In October 2014, several BC students took a break from their studies and flew to Taiwan to represent Canada in The Seminar on Youth Public Participation and International Humanitarianism in the Age of Globalization. This seminar was a hub for students around the globe to come together and share their experiences in international affairs and sustainable volunteerism. Some of the countries represented in the conference were the Dominican Republic, Ireland, New Zealand, Israel, South Korea, Japan, and Taiwan. A representative from each country presented and held a discussion on various topics from prevailing issues within his or her community to maintaining stability in NGOs.
University of Victoria student and co-Chair of the Amnesty International Club, Hana Mildenberger, sparked a discussion about social media with the students. In her talk, she explained how social media can help youth access information and build networks, as well as its effects on youth political participation.
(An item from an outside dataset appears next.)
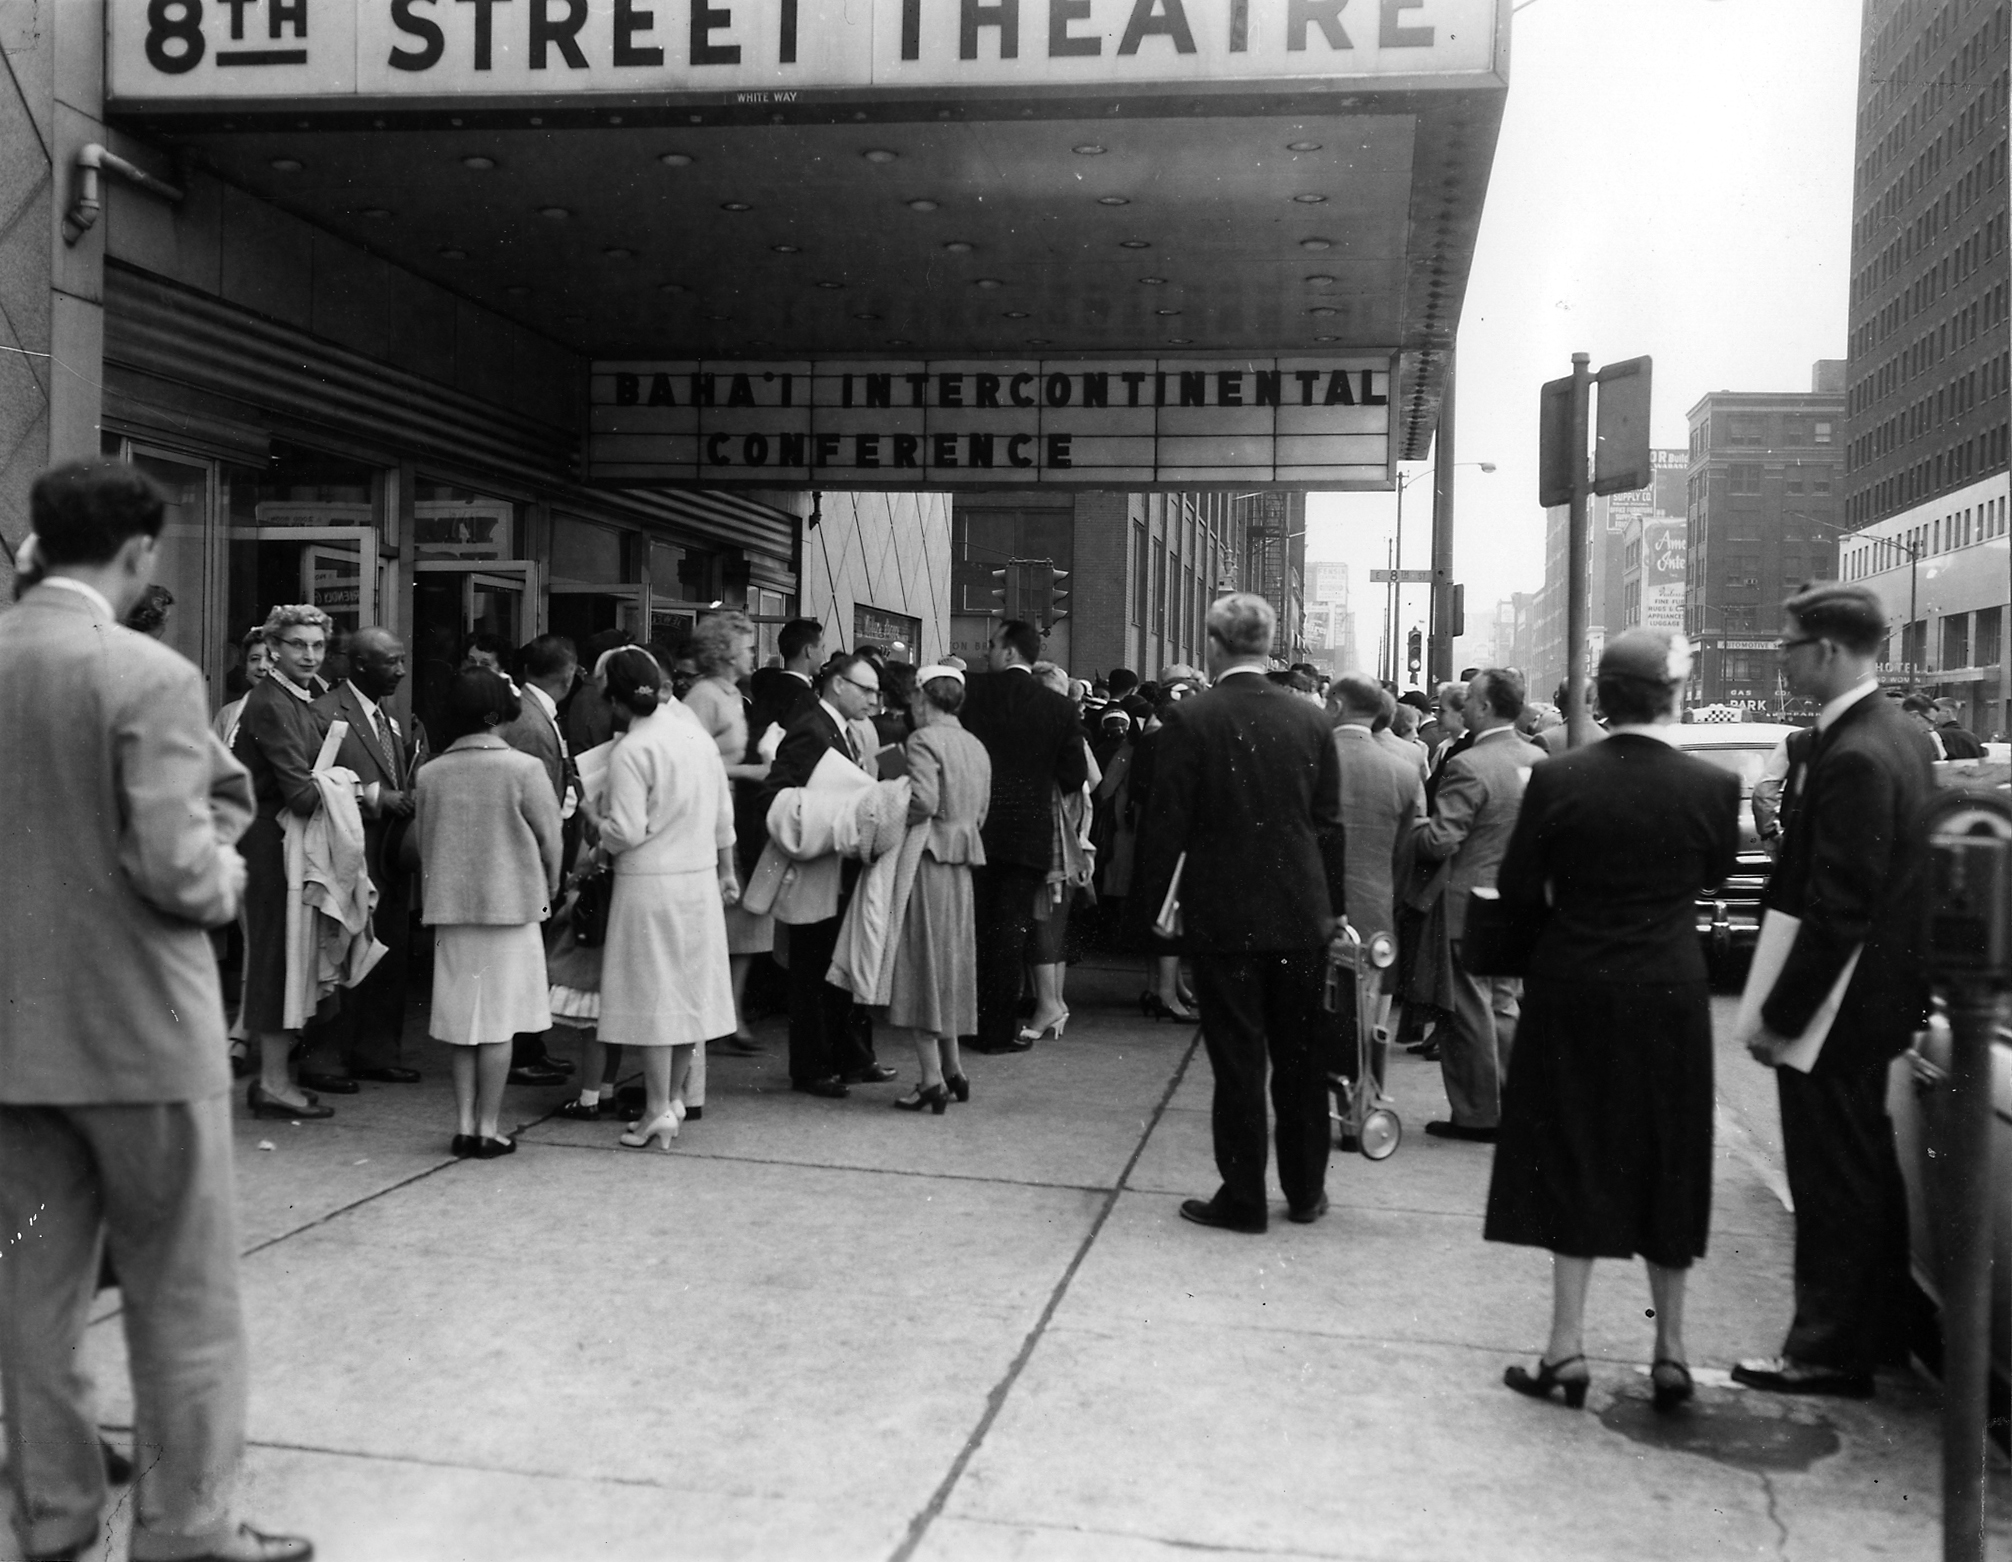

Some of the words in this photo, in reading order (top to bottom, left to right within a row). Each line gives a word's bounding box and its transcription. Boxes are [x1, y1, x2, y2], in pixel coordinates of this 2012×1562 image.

She also discussed some of the dangers inherent in these networks, and how modern humanitarian organizations and NGOs have been affected by mass and social media logic.
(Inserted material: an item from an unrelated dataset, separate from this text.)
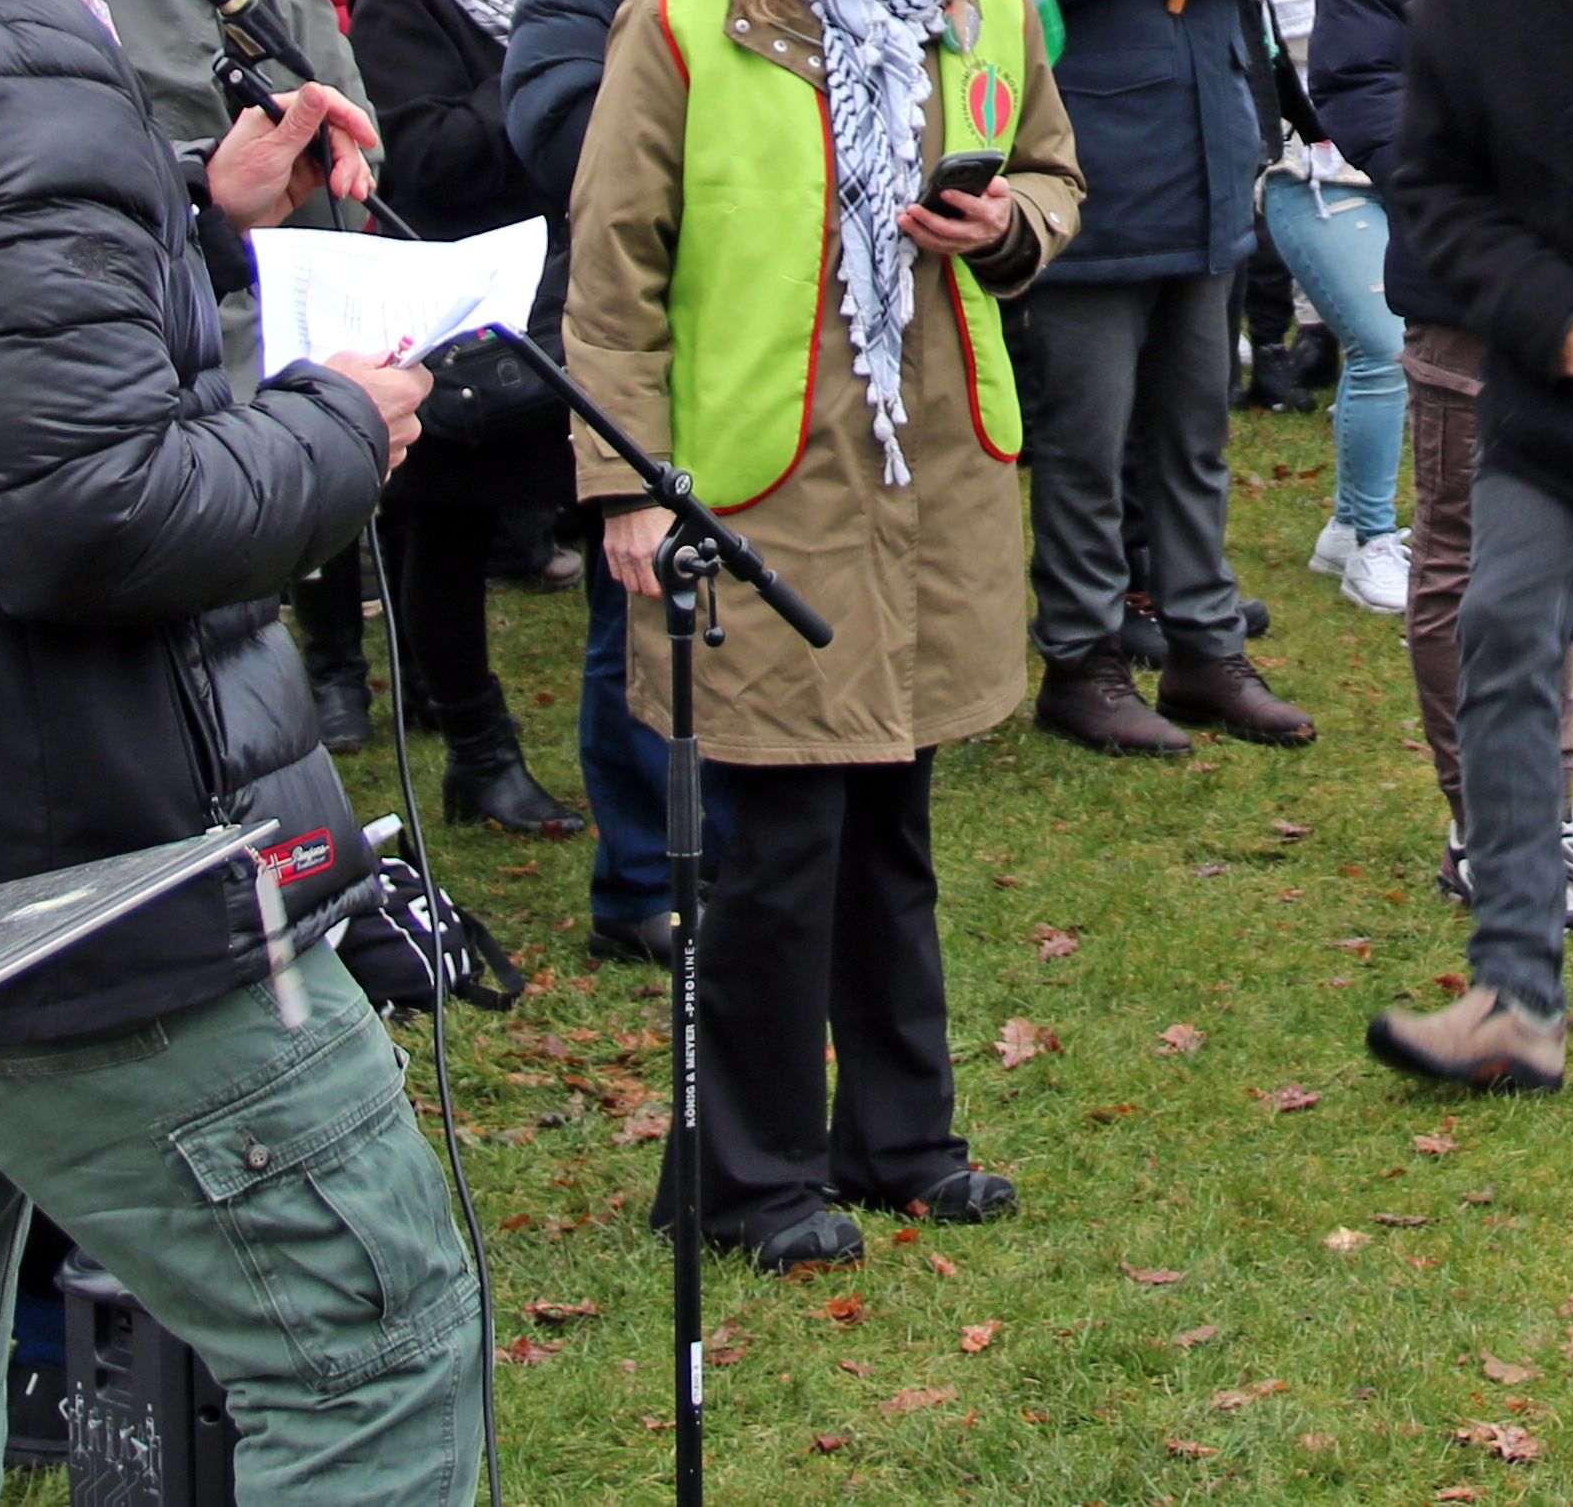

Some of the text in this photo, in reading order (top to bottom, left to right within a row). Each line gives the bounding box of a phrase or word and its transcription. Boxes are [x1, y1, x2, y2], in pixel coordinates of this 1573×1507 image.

[685, 1024, 696, 1070] MEYER
[685, 1072, 696, 1083] &
[684, 1085, 696, 1127] KÖNIG
"I hoped it would inspire [the students] to network with each other and to think critically about the kind of information they get from NGOs and news sources," said Hana. "What made this experience valuable for me were all the other youth I got to meet and talk with during the conference. It was a privilege to be able to discuss issues that matter to me with such a variety of intelligent and motivated young people from all over the world."
After a two day series of talks and discussions, the students participated in a world café where they were able to share amongst themselves their opinions and experiences on the various discussions presented. Human rights activist and student from Dominican Republic, Juan Santana, found the world café “refreshing”, as it “got to discuss topics with people from a very different context from [him]”. Exchanging ideas with people of different cultures and beliefs allowed the students to take home a new perspective and approach on resolving international affairs within their own communities.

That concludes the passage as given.